Text-to-region grounding data:

--------

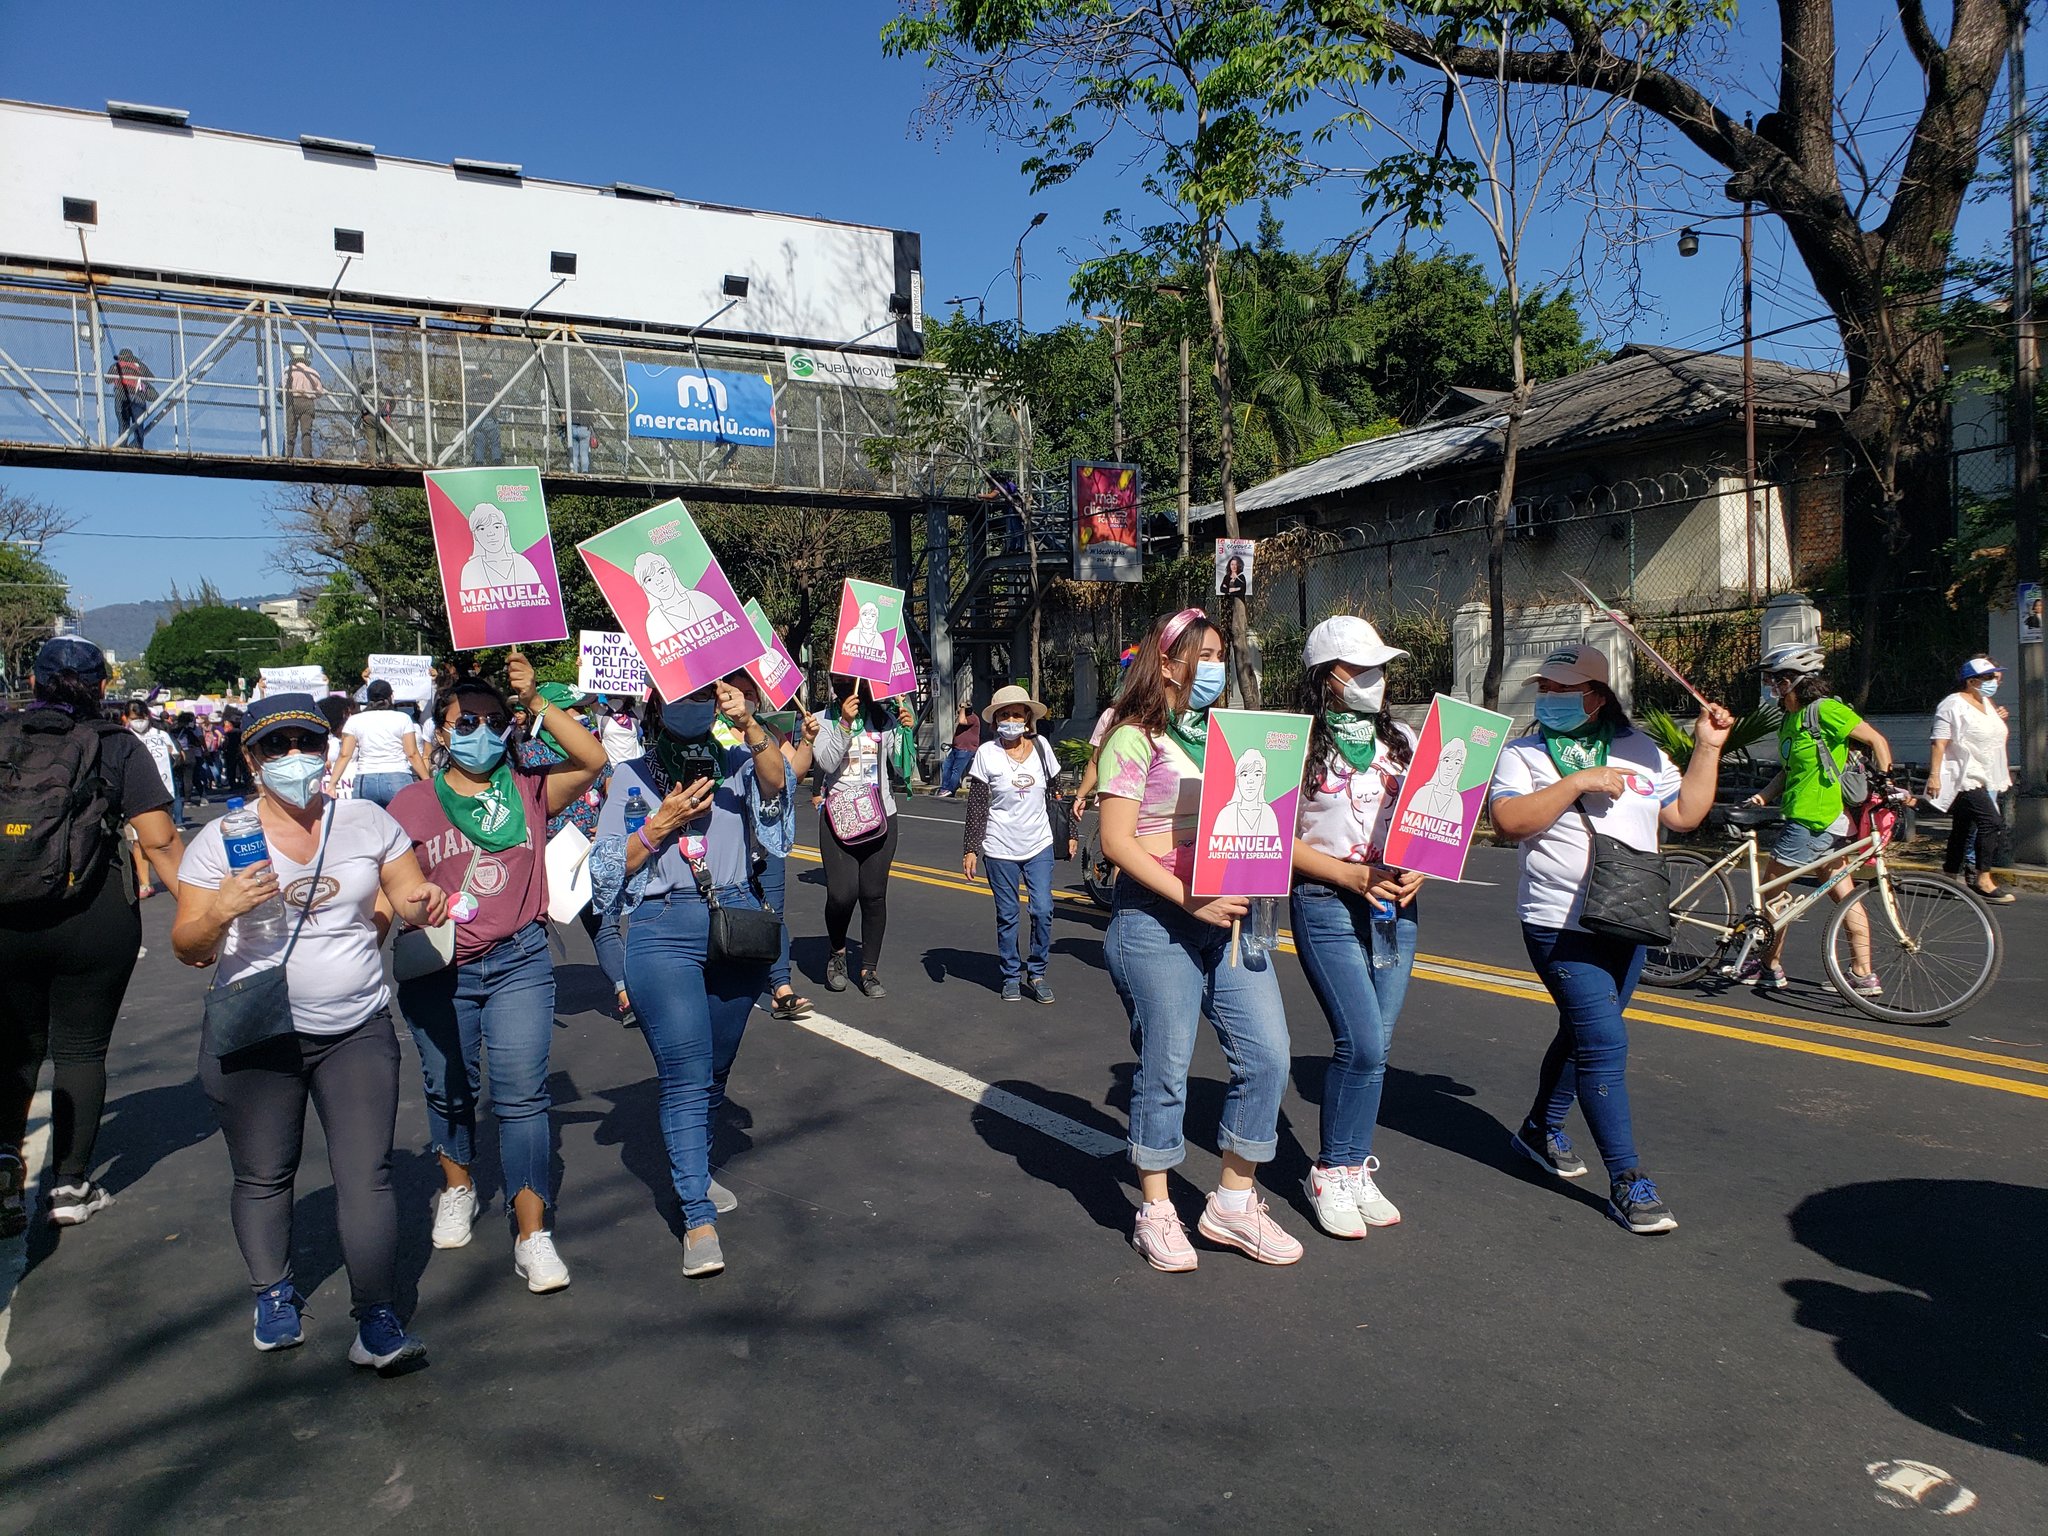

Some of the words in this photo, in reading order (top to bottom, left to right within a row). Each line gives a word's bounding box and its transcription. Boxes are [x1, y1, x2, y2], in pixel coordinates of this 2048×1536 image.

[459, 584, 550, 606] MANUELA
[462, 603, 499, 613] JUSTICIA
[507, 598, 551, 608] ESPERANZA
[603, 634, 621, 644] NO
[651, 610, 736, 660] MANUELA
[583, 645, 638, 657] MONTAJ
[660, 647, 693, 667] JUSTICIA
[697, 622, 740, 647] ESPERANZA
[842, 643, 887, 660] MANUELA
[595, 668, 647, 680] MUJERE
[764, 657, 789, 687] MANUELA
[892, 662, 910, 672] UELA
[589, 679, 645, 692] INOCENT
[6, 824, 28, 836] CAT
[1401, 811, 1462, 839] MANUELA
[1208, 836, 1283, 852] MANUELA
[1399, 825, 1424, 837] JUSTICIA
[1428, 831, 1460, 847] ESPERANZA
[233, 840, 266, 855] CRISTA
[426, 826, 534, 870] HARD

--------

Leave out the pictures and print each record exactly as it stands.

EXERCISE OUTPUT
Some of the words in this photo, in reading order (top to bottom, left to right within a row). Each line gives a word's bounding box and its transcription. Boxes are [x1, y1, x2, y2], in pixel coordinates of this 2048×1536 image.

[459, 584, 550, 606] MANUELA
[462, 603, 499, 613] JUSTICIA
[507, 598, 551, 608] ESPERANZA
[603, 634, 621, 644] NO
[651, 610, 736, 660] MANUELA
[583, 645, 638, 657] MONTAJ
[660, 647, 693, 667] JUSTICIA
[697, 622, 740, 647] ESPERANZA
[842, 643, 887, 660] MANUELA
[595, 668, 647, 680] MUJERE
[764, 657, 789, 687] MANUELA
[892, 662, 910, 672] UELA
[589, 679, 645, 692] INOCENT
[6, 824, 28, 836] CAT
[1401, 811, 1462, 839] MANUELA
[1208, 836, 1283, 852] MANUELA
[1399, 825, 1424, 837] JUSTICIA
[1428, 831, 1460, 847] ESPERANZA
[233, 840, 266, 855] CRISTA
[426, 826, 534, 870] HARD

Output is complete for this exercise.